Note that this was a hammer of a solution.  I renamed all the jar files to start with “kafka”, that way I could quickly undo my change if necessary.  Also, I’ve created the following issue over on github, maybe there’s a better approach to fixing this one that I haven’t thought of yet.

https://github.com/RuckusWirelessIL/pentaho-kafka-consumer/issues/11

Once I restarted Spoon, I re-ran the transformation and … got no results from Kafka.  I tried a bunch of different configurations, I sent additional messages to Kafka, but no luck.  So I did what any developer would do, and checked out the latest source code.

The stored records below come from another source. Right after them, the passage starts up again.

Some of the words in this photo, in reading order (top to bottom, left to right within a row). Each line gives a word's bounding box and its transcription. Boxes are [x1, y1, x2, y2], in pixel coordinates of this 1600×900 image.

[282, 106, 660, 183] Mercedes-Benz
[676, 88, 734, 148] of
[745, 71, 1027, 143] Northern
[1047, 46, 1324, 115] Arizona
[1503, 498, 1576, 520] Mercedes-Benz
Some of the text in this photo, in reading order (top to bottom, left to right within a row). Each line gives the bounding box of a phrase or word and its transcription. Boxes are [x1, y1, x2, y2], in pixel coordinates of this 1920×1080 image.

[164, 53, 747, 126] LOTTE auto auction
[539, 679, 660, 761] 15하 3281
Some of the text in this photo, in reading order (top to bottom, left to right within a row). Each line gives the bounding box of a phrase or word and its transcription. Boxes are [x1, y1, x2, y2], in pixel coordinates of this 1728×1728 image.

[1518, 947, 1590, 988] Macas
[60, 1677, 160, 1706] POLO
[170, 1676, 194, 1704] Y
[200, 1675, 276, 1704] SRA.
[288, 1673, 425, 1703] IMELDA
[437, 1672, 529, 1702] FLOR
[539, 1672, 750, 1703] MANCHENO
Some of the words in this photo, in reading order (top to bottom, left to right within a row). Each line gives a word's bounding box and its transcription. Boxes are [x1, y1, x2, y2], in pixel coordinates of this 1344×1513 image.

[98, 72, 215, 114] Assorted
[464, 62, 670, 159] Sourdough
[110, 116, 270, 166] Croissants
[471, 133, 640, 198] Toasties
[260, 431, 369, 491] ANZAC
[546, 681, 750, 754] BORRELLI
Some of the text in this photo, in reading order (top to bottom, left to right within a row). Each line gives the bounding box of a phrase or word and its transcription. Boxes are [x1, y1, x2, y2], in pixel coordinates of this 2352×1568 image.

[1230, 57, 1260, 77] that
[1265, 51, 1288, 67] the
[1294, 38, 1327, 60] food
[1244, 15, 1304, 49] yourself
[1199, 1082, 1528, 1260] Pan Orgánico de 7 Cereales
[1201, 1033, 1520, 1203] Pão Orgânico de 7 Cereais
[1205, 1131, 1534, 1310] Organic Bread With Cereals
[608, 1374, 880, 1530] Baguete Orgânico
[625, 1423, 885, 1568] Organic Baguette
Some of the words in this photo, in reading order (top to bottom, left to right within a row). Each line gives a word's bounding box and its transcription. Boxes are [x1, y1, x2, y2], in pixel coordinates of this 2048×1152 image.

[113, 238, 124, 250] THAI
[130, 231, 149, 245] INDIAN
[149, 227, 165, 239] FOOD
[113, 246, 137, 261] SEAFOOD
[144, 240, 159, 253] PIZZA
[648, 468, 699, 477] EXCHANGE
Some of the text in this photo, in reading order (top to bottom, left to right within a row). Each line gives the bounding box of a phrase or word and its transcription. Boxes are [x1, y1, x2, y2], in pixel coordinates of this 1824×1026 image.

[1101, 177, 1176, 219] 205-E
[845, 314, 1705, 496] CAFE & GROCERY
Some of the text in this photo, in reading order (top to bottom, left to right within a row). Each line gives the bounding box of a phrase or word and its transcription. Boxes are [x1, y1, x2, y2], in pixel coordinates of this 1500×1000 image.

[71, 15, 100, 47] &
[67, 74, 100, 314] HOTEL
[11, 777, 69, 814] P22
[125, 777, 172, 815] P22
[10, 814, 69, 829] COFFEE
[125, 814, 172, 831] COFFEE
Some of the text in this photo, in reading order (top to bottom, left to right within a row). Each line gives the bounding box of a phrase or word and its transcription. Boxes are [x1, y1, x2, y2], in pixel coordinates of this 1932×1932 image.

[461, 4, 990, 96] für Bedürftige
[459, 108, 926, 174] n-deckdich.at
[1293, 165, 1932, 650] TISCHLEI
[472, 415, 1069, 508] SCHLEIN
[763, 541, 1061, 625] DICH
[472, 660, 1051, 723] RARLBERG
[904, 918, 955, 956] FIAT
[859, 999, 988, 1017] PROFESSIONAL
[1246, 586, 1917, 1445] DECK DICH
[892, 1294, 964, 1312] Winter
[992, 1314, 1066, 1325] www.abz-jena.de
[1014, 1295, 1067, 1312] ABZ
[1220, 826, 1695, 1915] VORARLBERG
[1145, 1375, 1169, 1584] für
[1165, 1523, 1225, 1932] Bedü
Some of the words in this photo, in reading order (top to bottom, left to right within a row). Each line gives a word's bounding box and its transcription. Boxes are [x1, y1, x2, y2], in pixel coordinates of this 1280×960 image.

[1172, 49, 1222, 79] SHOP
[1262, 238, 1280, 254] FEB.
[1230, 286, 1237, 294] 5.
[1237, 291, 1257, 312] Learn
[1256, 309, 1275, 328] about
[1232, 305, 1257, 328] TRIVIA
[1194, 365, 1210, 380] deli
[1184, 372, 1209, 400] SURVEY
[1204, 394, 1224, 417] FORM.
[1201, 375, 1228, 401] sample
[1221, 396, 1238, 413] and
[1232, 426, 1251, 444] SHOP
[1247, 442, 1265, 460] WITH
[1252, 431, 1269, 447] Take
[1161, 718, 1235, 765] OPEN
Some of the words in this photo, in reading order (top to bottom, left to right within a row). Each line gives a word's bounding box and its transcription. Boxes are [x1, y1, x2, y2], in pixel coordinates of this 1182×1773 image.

git clone https://github.com/RuckusWirelessIL/pentaho-kafka-consumer.git

From there I ran “mvn package”, and got a fresh new build.  I replaced plugins/steps/pentaho-kafka-consumer with the new target/pentaho-kafka-consumer-TRUNK-SNAPSHOT.zip.  After running it and seeing a similar NoClassDefFoundError, I repeated my steps with the new plugin jars, moving them to the main classpath.

Another thing I ran into was on the Kafka configuration side.  Kafka was using the hostname of my VM for comms, which my OS wasn’t aware of.  I fixed this by updating config/server.properties advertised.host.name to the public IP address of the VM.

After restarting Spoon, I successfully read in the messages from Kafka!  Note that at this time you can’t reset the message offset for a specified group, so the only way to re-read messages is to change the “group.id”.  This is a feature that Ruckus is considering adding, it would be a great way to contribute to the open source plugin!

After getting the Consumer working, I went ahead and tried out the Producer.  Note that the Producer step needs Binary data to feed a topic.  All I had to do was feed in Binary data, specify the topic name (I used “test” again), and finally specify the “metadata.broker.list” with the correct IP and port, and it worked like a charm!  Note that at this time I didn’t have to rebuild the producer plugin like I did the consumer, but without the consumer jars being placed in the lib folder the producer wouldn’t function either.



So how might you use Kettle and Kafka together?  Kafka is becoming the de-facto big data message queue, and can be used in combination with Spark and other Hadoop technologies for data ingestion and streaming.  Kettle can be used as a way to populate a Kafka Topic via the Apache Kafka Producer, or it could be used to consume messages from a topic via the Apache Kafka Consumer for downstream processing.  Ruckus Wireless, the company that contributed the steps, uses Pentaho Data Integration to ingest data into Vertica and then visualize the data with Pentaho Business Analytics.  You can learn more about Ruckus Wireless use case here:

http://www.pentaho.com/customers/ruckus-wireless

Here are links to the github locations for the plugins:

https://github.com/RuckusWirelessIL/pentaho-kafka-consumer/ 

https://github.com/RuckusWirelessIL/pentaho-kafka-producer/

 

 

First Impressions of Pentaho Business Analytics Cookbook

I just finished reading Packt Publishing’s Pentaho Business Analytics Cookbook by Sergio Ramazzina, this is a great up-to-date guide on utilizing the full Pentaho Analytics Suite, including a mix of both enterprise and community components.  Useful details around configuring data sources, building a set of your first reports, parameterization, dashboarding, and a whole lot more are covered  step by step to make sure you walk away with a good understanding of what tools are available and how to get started with them.  This is the first definitive guide I have seen around Pentaho Mobile, and I really appreciate chapter 11 on customizing the Pentaho experience for your business.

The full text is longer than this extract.